Personal information
- Full name: José Enrique Díaz Barrera
- Date of birth: 7 April 1953 (age 73)
- Place of birth: Seville, Spain

Managerial career
- Years: Team
- 1982–1983: Riotinto
- 1983–1984: Sanluqueño
- 1984–1986: Betis Deportivo
- 1986–1989: Sanluqueño
- 1989–1990: Granada
- 1991: Mérida
- 1991–1992: Xerez
- 1992: Mérida
- 1992–1993: Badajoz
- 1993–1994: Levante
- 1994–1995: Almería
- 1995–1996: Écija
- 1997: Levante
- 1998: Xerez
- 2000: Cultural Leonesa
- 2000–2001: Ceuta
- 2001–2002: Cádiz
- 2003: Ceuta
- 2007–2008: Ceuta

= José Enrique Díaz =

Spanish football manager (born 1953)

José Enrique Díaz Barrera (born 7 April 1953) is a Spanish football manager.

==Managerial career==
Born in Seville, Andalusia, Díaz made his managerial debut with Tercera División side Riotinto Balompié, and subsequently led Betis Deportivo to Segunda División B in 1985. After stints at Atlético Sanluqueño CF, Granada CF, CP Mérida and Xerez CD in division three, he returned to Mérida in 1992, with the club now in Segunda División.

In the 1992 summer Díaz was named CD Badajoz manager. In 1994, after a year at Levante UD, he was appointed at the helm of UD Almería and led the club to its first promotion to the second level ever.

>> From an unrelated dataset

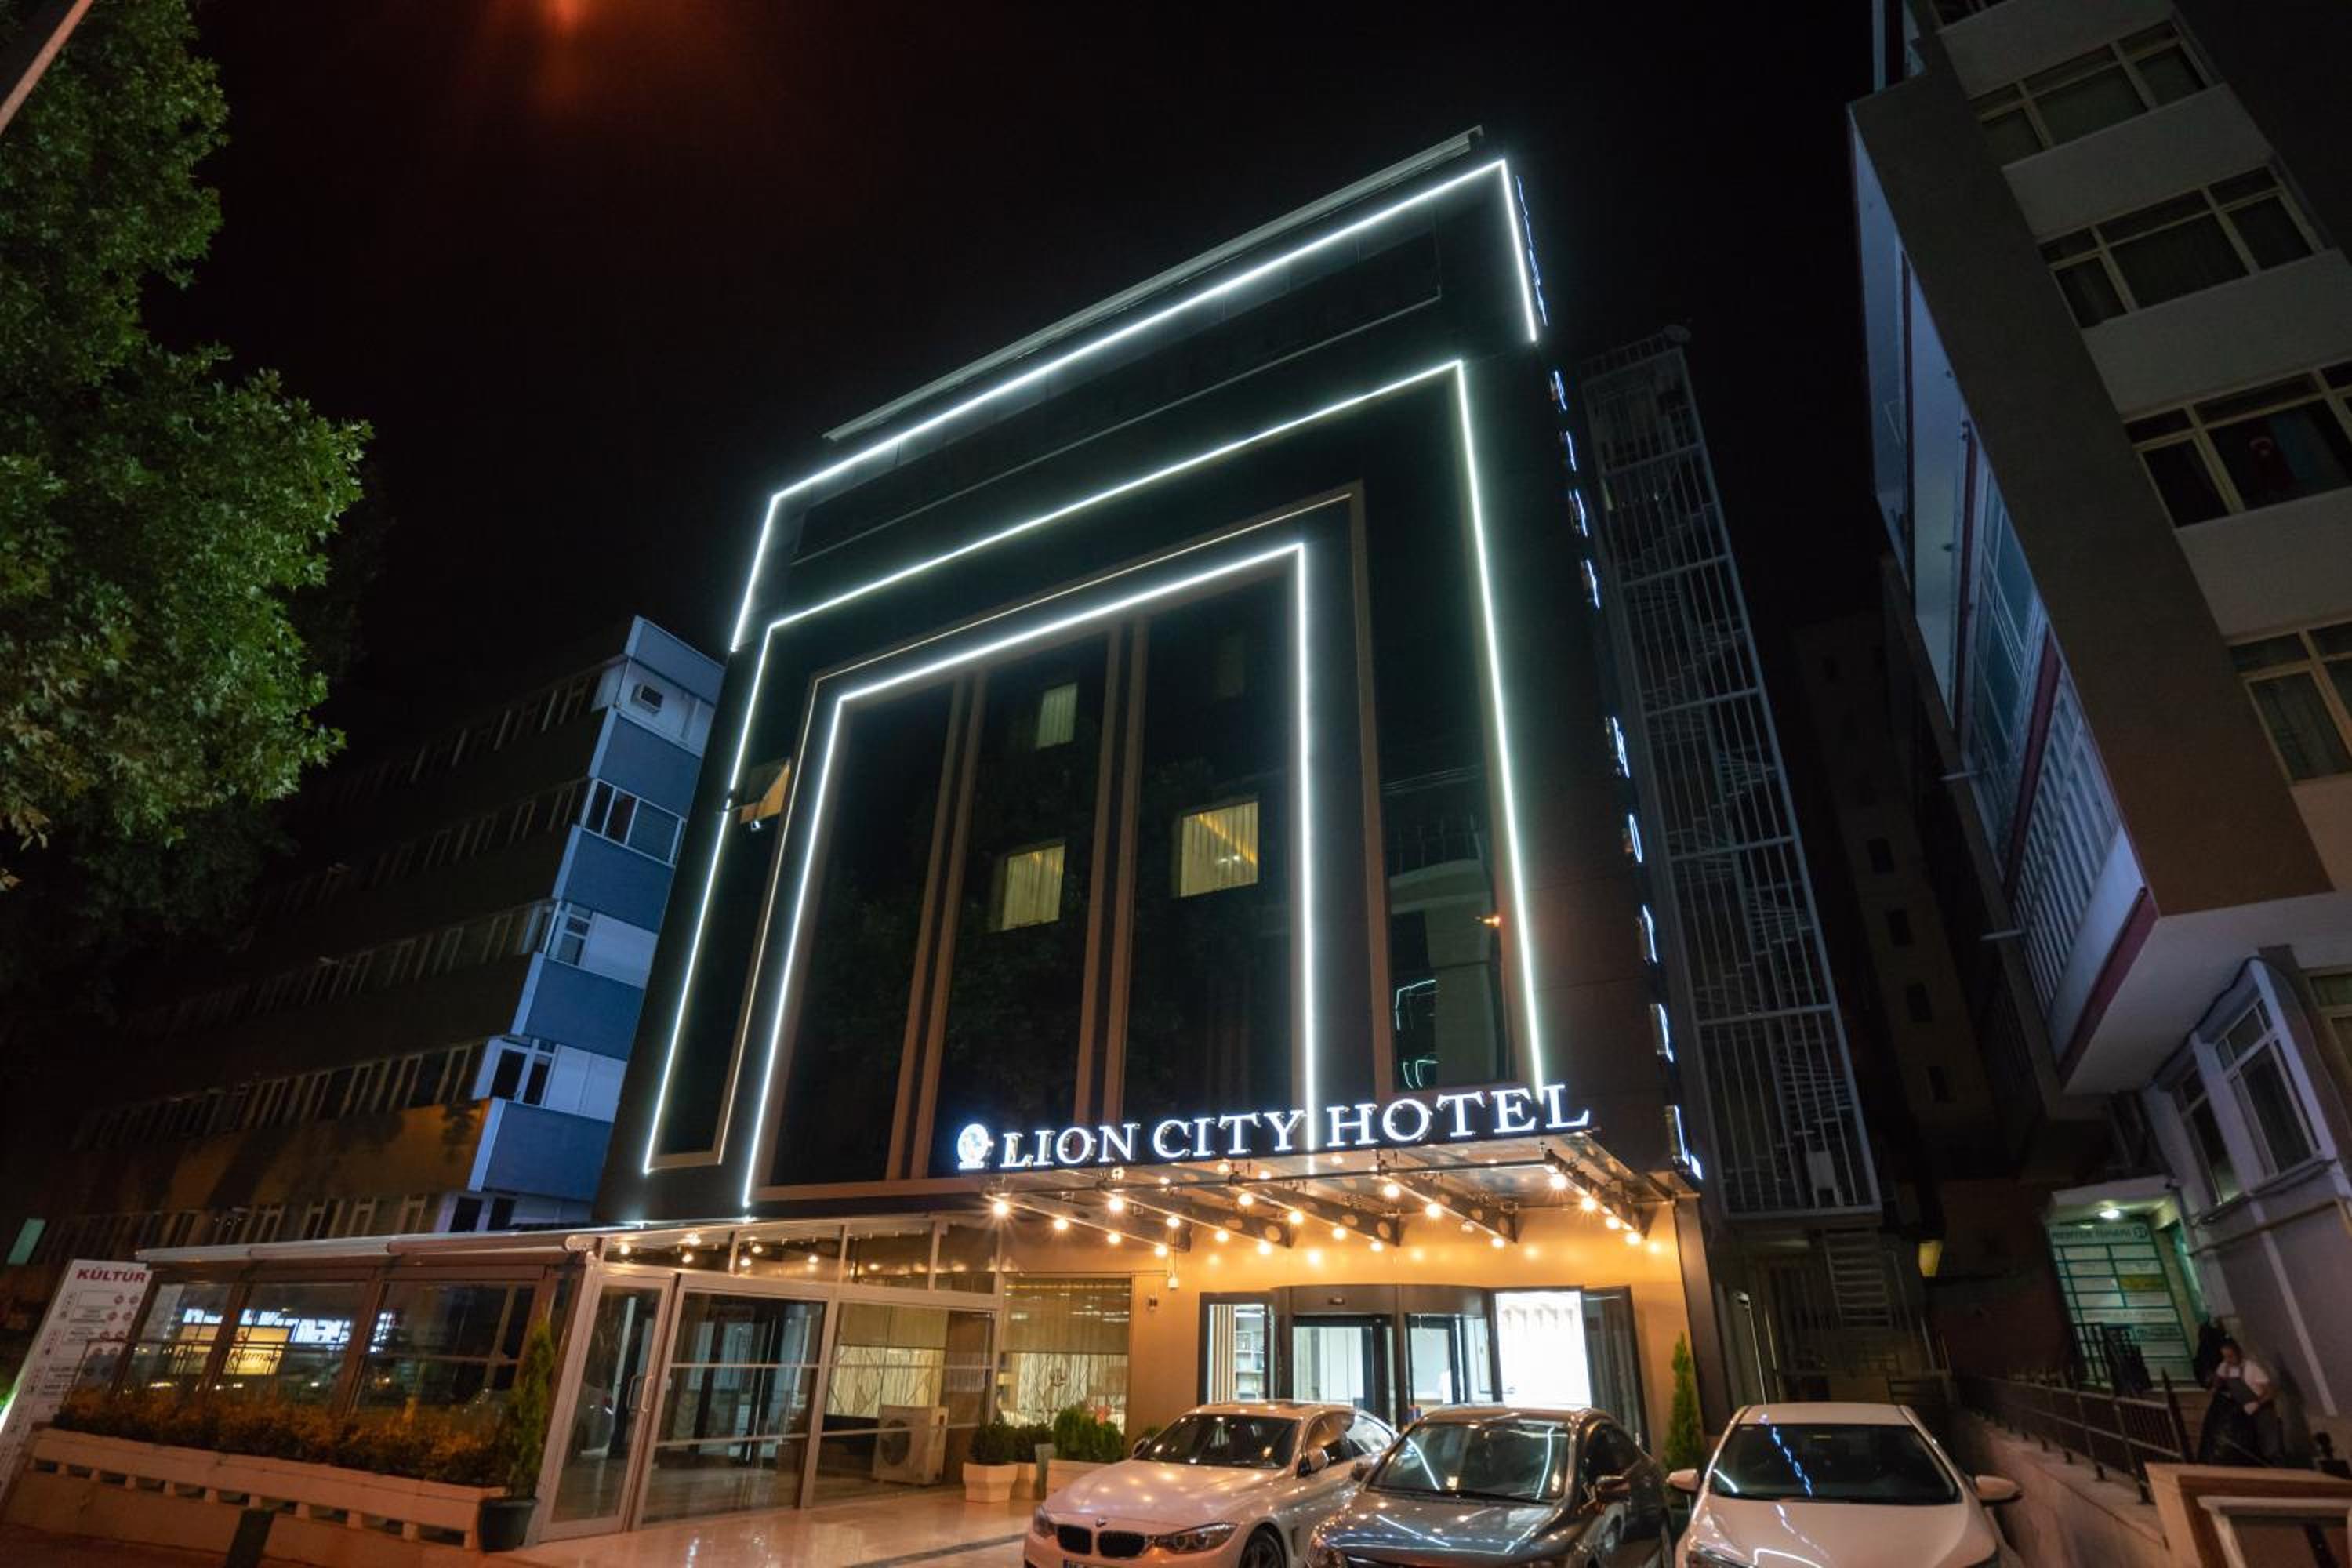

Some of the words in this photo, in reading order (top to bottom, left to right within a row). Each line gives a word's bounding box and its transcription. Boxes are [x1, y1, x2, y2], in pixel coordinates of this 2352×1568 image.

[1000, 1123, 1138, 1168] LION
[1153, 1109, 1305, 1159] CITY
[1327, 1083, 1589, 1147] HOTEL

Díaz subsequently managed Écija Balompié and Levante in the second level, being sacked by the latter on 24 November 1997. He resumed his career in the third level, managing Xerez, Cultural y Deportiva Leonesa, AD Ceuta (three spells) and Cádiz CF; he was also Andalusia Football Federation's manager for eight years.